The Chief Constable nodded. “All right. Now about this business of the body—how do you explain that away? The stuff in the drains and all that.”

“Have you ever read anything about cannibalism, sir?”

“Not avidly, Mr Purbright, no.”

“Well, it seems that human flesh quite closely resembles pork.”

“Indeed.”

“And I learned more or less by chance yesterday that half a pig carcass was stolen recently from a farm where Hopjoy had been a regular and quite intimate visitor. In the boot of that car of his, and in one or two places at the house, Warlock turned up traces of animal blood.”

For nearly a minute, Mr Chubb silently regarded an earwig’s progress along one of the trellis spars.

“I suppose we have to remember,” he said at last, “that tom-foolery of that kind was just the fellow’s line of country. It’s perfectly disgraceful, though, when you think of all the money that’s being spent on the intelligence service. The trouble is, they live in a world of their own. I can’t see that there’s anything we can do about him. I mean there’s nothing we can charge him with.”

Purbright pursed his lips. “Conduct likely to lead...”

“...to a breach of the peace?” Mr Chubb capped the phrase with a sort of sad derision. “You can see his people letting us go ahead with that one, can’t you? Worse than the blasted Diplomatic Corps. He’ll turn up somewhere else with a cock and bull story and start working up a new set of creditors, just you see.”

“There’s rather more to this,” said Purbright slowly, “than mere debt-dodging. A man can arrange his own disappearance without leaving somebody else to face a murder charge. In this case, a great deal of trouble and ingenuity was spent specifically on the incrimination of Periam. But the only thing poor old Periam wasn’t carefully provided with was a motive. Why should he have wanted to kill Hopjoy? If anyone had a motive for murder it was Hopjoy himself—the man whose girl Periam had appropriated.”

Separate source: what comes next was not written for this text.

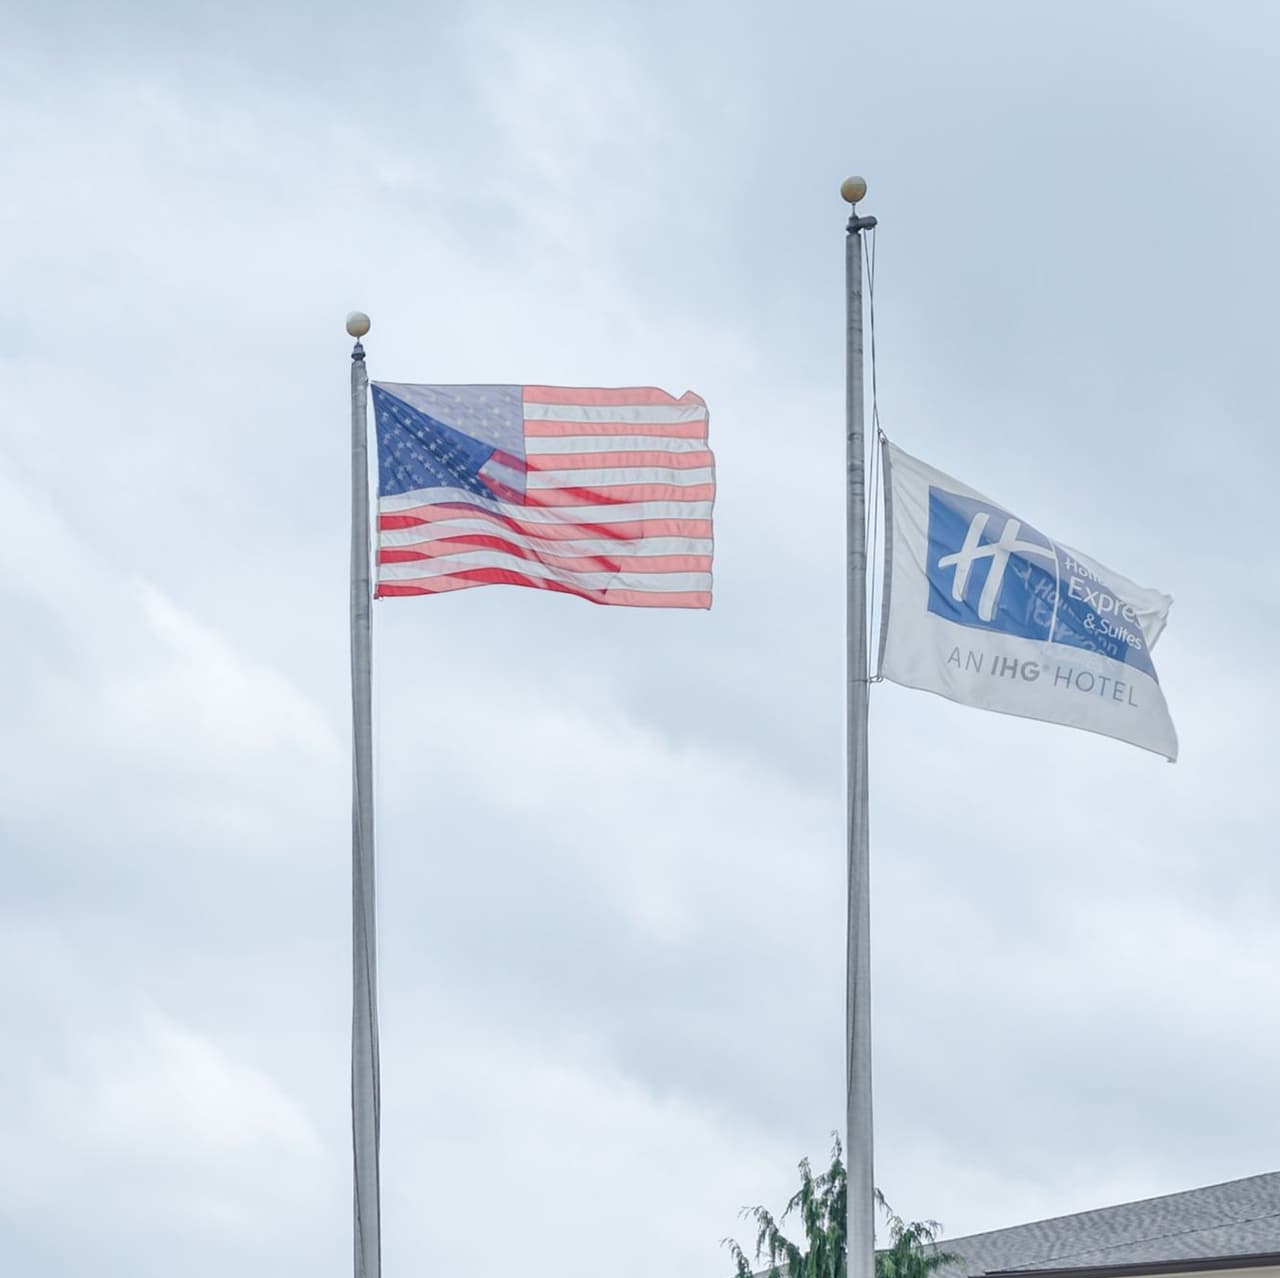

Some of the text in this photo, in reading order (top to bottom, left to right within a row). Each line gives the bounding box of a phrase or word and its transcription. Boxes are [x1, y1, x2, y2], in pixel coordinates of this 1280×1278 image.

[1083, 613, 1142, 650] & Suites
[947, 646, 984, 673] AN
[1053, 665, 1139, 708] HOTEL
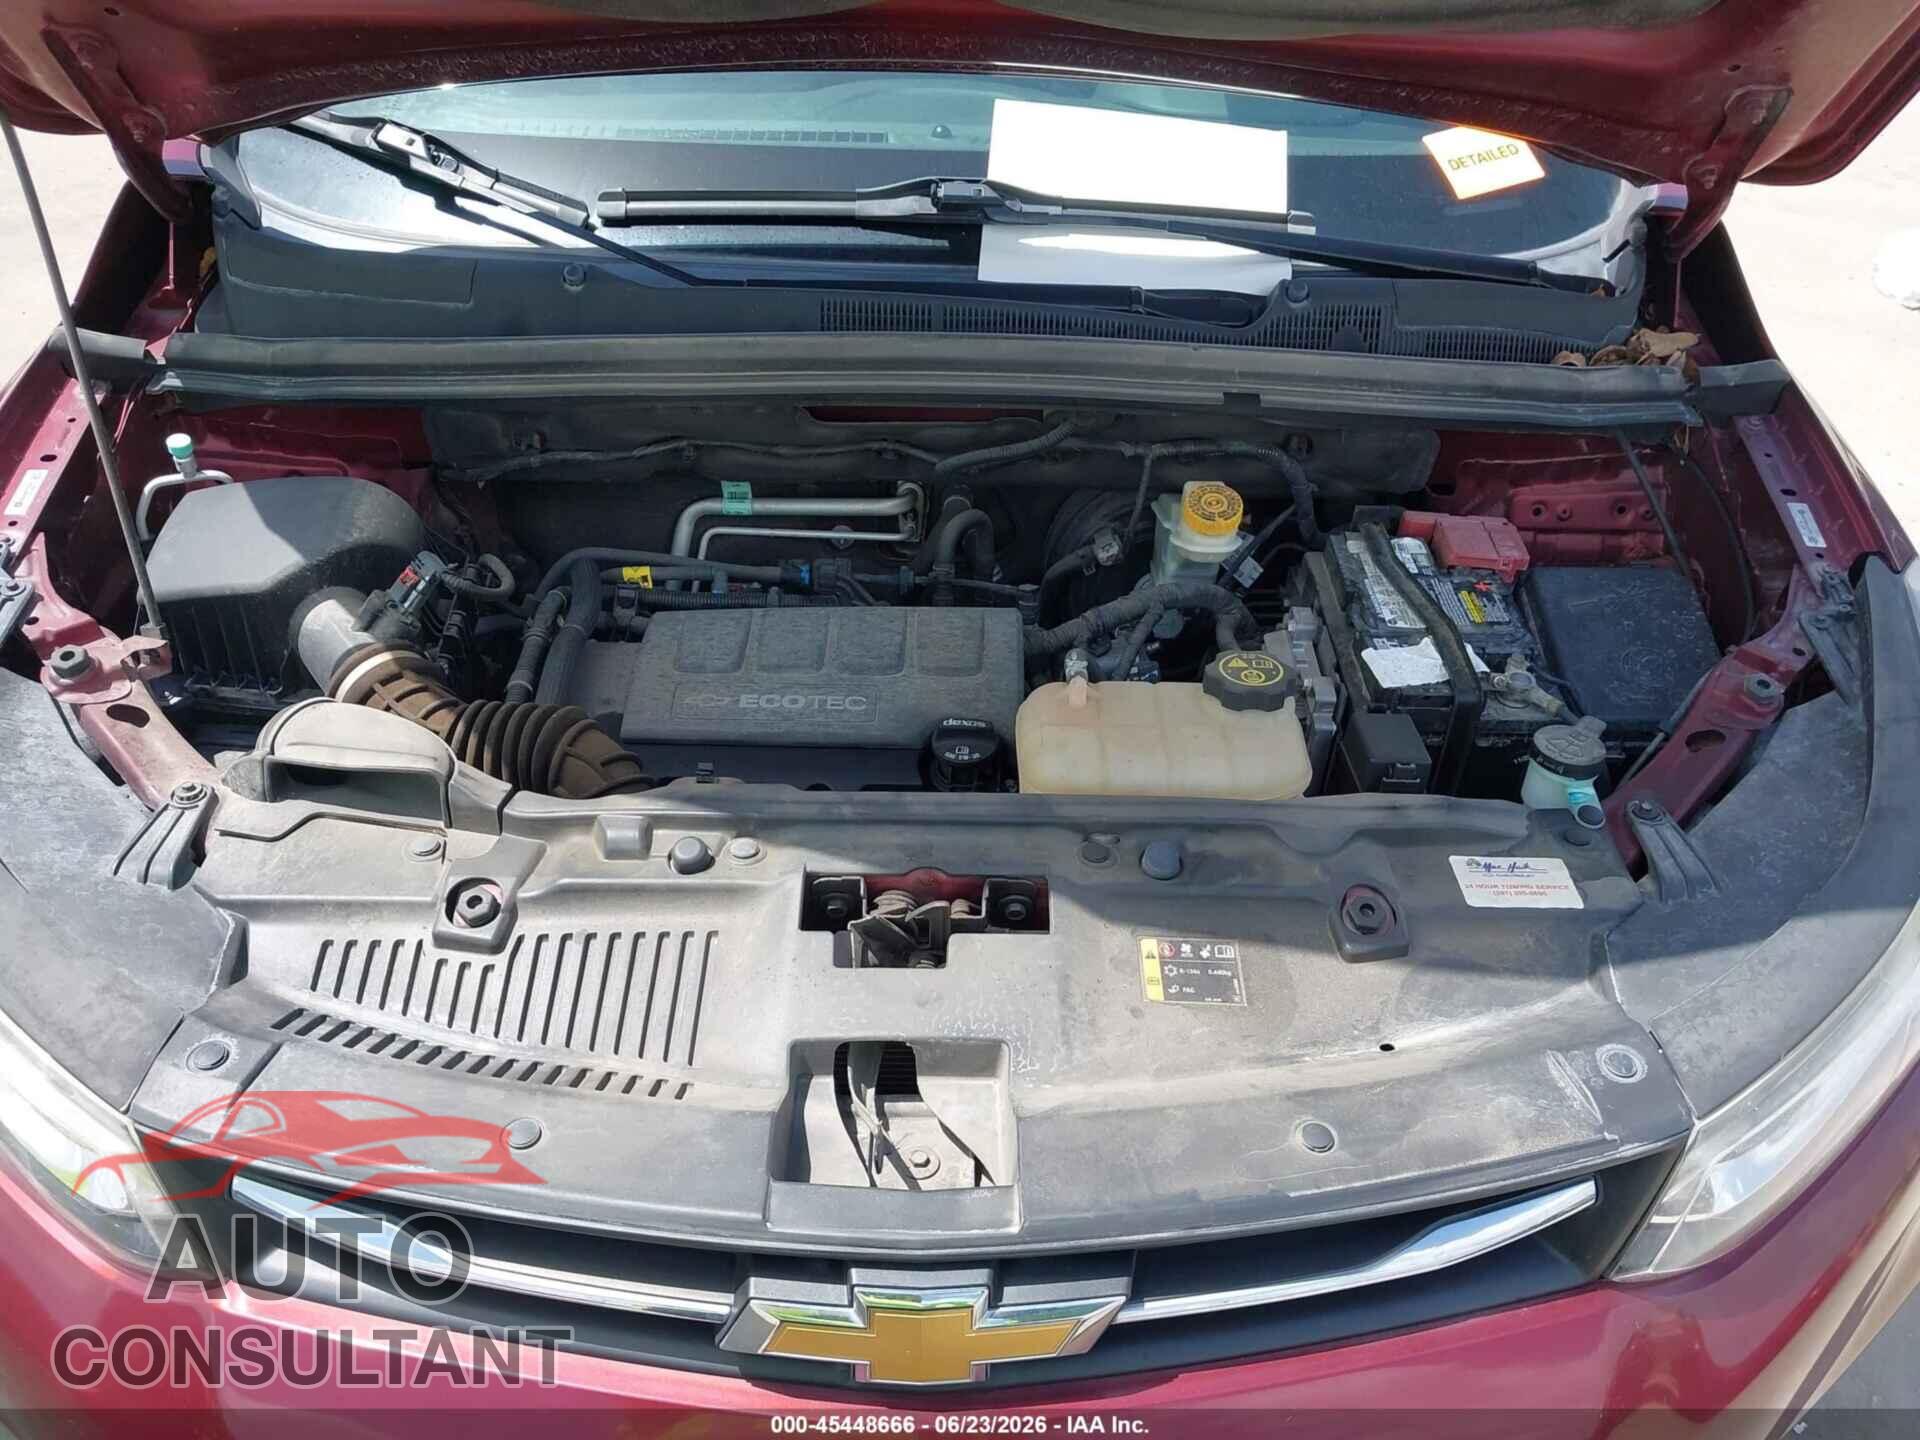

Mr Chubb considered. “I see your point. But surely Hopjoy was a bit of a blackguard where women were concerned. Would he have been all that upset about one in particular?”

“Promiscuity and jealousy are by no means incompatible, sir.”

The Chief Constable raised his brows.

“In fact, the more sexually adventurous a man is, the more violently he tends to resent trespass on his own preserves.”

“Oh,” said Mr Chubb, meekly. “You think then...”—he turned to see where the earwig had got to—“we should be wrong to let the whole thing drop?”

Purbright rose. “I quite agree with you, sir; we should keep an eye on things a little longer. Hopjoy certainly ought to be traced, even if Major Ross tries to go against your judgment.”

Mr Chubb resolutely picked the earwig from the trellis and trod on it.

“After all,” said Purbright, “there has been, in a sense, one attempt on Periam’s life. When it is seen to have failed, there may be another—on less unorthodox lines.”

Chapter Fourteen

To the multitude of elusives for whom watch is proclaimed to be kept at British ports, rail termini and airports, was added the name of Brian Hopjoy. If encountered, he was to be asked simply to get into touch with the Chief Constable of Flaxborough. The request had been difficult to frame. “What do we say we want him for?” Mr Chubb had asked; “...to collect his hat?” He had carefully refrained from mentioning the matter to Ross or Pumphrey, although he did ask, at Purbright’s suggestion, if he might borrow from them the photograph of Hopjoy which, as far as anyone could find out, was the only one in existence. Pumphrey, looking as if he had been casually requested to assassinate the Prime Minister when he next happened to be in London, had emphasized with some asperity the topness of the secrecy involved and begged him to be more circumspect.